Les chiens ont toujours été méprisés. Notre langue en témoigne : traiter quelqu’un de chien ne revient pas à lui adresser un compliment. On en trouve trace jusque dans la Bible, où il est écrit que le pécheur retourne à ses errements comme le clebs revient toujours à son vomi. Nul étonnement donc si Médor a eu mauvaise image en Occident. Au point d’avoir incarné, pour René Descartes et ses successeurs, la mécanique insensible que serait l’animal-machine (voir encadré).
Et pourtant, un certain docteur viennois a lézardé ce paradigme dès les années 1925. Sigmund Freud (1856-1939), longtemps, n’aima pas les chiens. Dans le traitement d’Anna O., cas séminal de cure psychanalytique supervisé par le docteur Josef Breuer dans les années 1890 et retranscrit par Freud, apparaît un petit chien. La patiente identifiée comme Anna O. était issue de la bourgeoisie juive orthodoxe de Vienne, milieu qui faisait du canidé un symbole de corruption. Il est évoqué, lors de la cure, un petit chien qu’une domestique, réputée sale, fait boire à même la vaisselle dont l’usage devrait être réservé aux humains. À ce stade de la vie de Freud, le chien est un objet négatif, support de phobie.
Tout change vers 1925, alors que le père de la psychanalyse approche son 70e anniversaire. À Vienne, l’antisémitisme se manifeste de plus en plus ouvertement. La fille de Freud, Anna (1895-1942), trentenaire, devrait renoncer à ses promenades quotidiennes face à la montée de l’insécurité. La famille préfère investir dans un garde du corps, un beau berger allemand nommé Wolf. Et Sigmund le trouve tellement attendrissant qu’il s’en attire quelques piques d’Anna, volontiers portée à exagérer la jalousie qu’elle peut ressentir.
Le show du chow-chow Jofi
Juste après l’irruption de Wolf dans le cercle familial, vient la rencontre avec Marie Bonaparte. Cette nouvelle patiente est une riche et influente dilettante, qui plus tard fera la promotion de la psychanalyse en France. Une de ses passions a pour nom chow-chow. Imaginez une peluche rousse d’environ 25 kg, dotée d’une langue bleue et surmontée d’une queue en plumeau. Une autre patiente de Freud, Dorothy Burlingham, a en conséquence l’idée, en 1928, d’offrir un chow-chow à Sigmund Freud. Ce dernier s’attache vite à Lun Yu. Mais l’animal meurt rapidement, écrasé par un train. Inconsolable, Freud tergiverse quinze mois avant d’accepter un nouveau cadeau : Jofi, sœur de Lun Yu ; les chow-chow portaient alors des noms qu’on supposait à consonance chinoise, car la race est originaire d’Extrême-Orient. Et Jofi manque propulser l’histoire sur une nouvelle trajectoire.

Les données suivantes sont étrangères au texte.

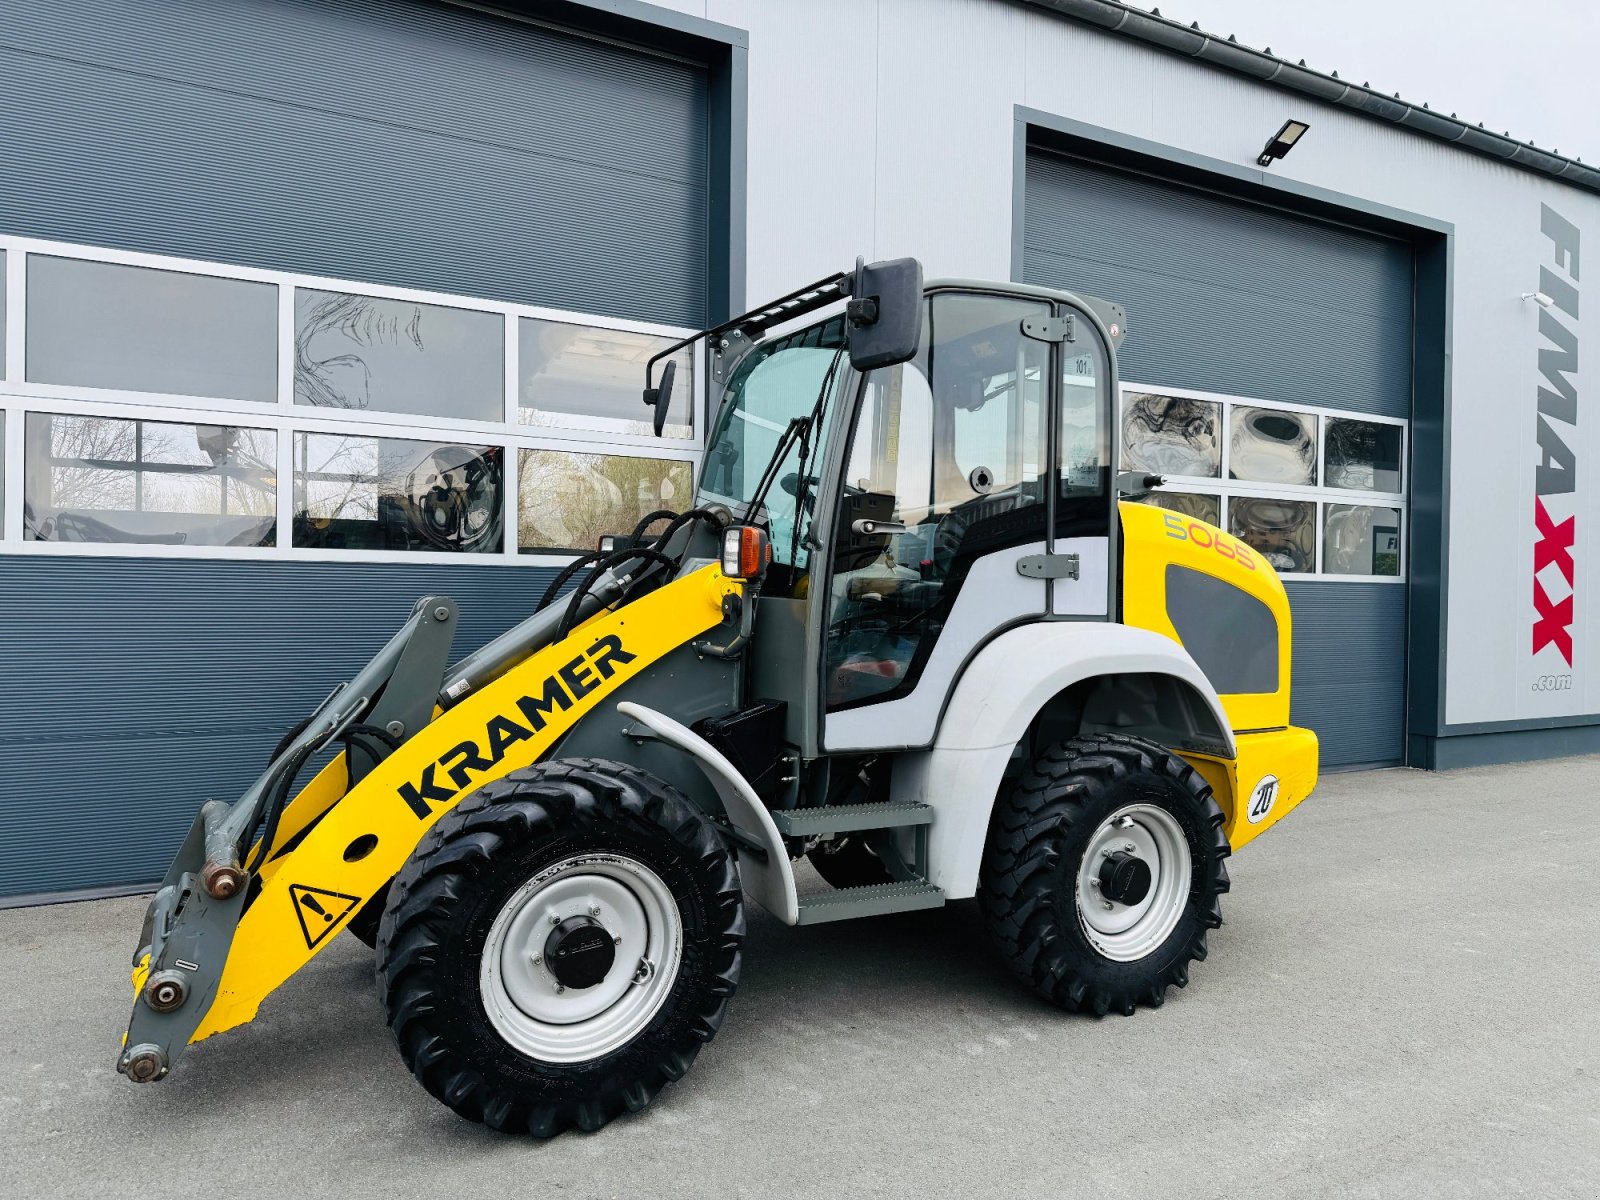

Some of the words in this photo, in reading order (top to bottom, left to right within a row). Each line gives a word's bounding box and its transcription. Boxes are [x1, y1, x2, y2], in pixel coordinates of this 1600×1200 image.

[1076, 359, 1087, 375] 101
[1532, 201, 1580, 669] FIMAXX
[1163, 514, 1256, 571] 5065
[1531, 674, 1571, 691] .com
[397, 634, 638, 821] KRAMER
[1252, 782, 1274, 816] 20

Dès le début des années 1930, Freud laisse Jofi s’installer dans son bureau, assister aux psychothérapies. Et il en conclut que cette présence canine offre de multiples avantages. D’abord, le comportement de l’animal permet souvent de deviner l’état d’esprit du patient. Car la chienne flaire l’agressivité, la détresse. Et elle réagit de manière typique, en s’éloignant si le patient est sur le point de s’agiter, en se rapprochant s’il est dépressif. À ce stade-là, note Freud, les yeux emplis de compassion du quadrupède apportent souvent au patient un soutien bienvenu, au point qu’il en oublie plus facilement la présence du thérapeute.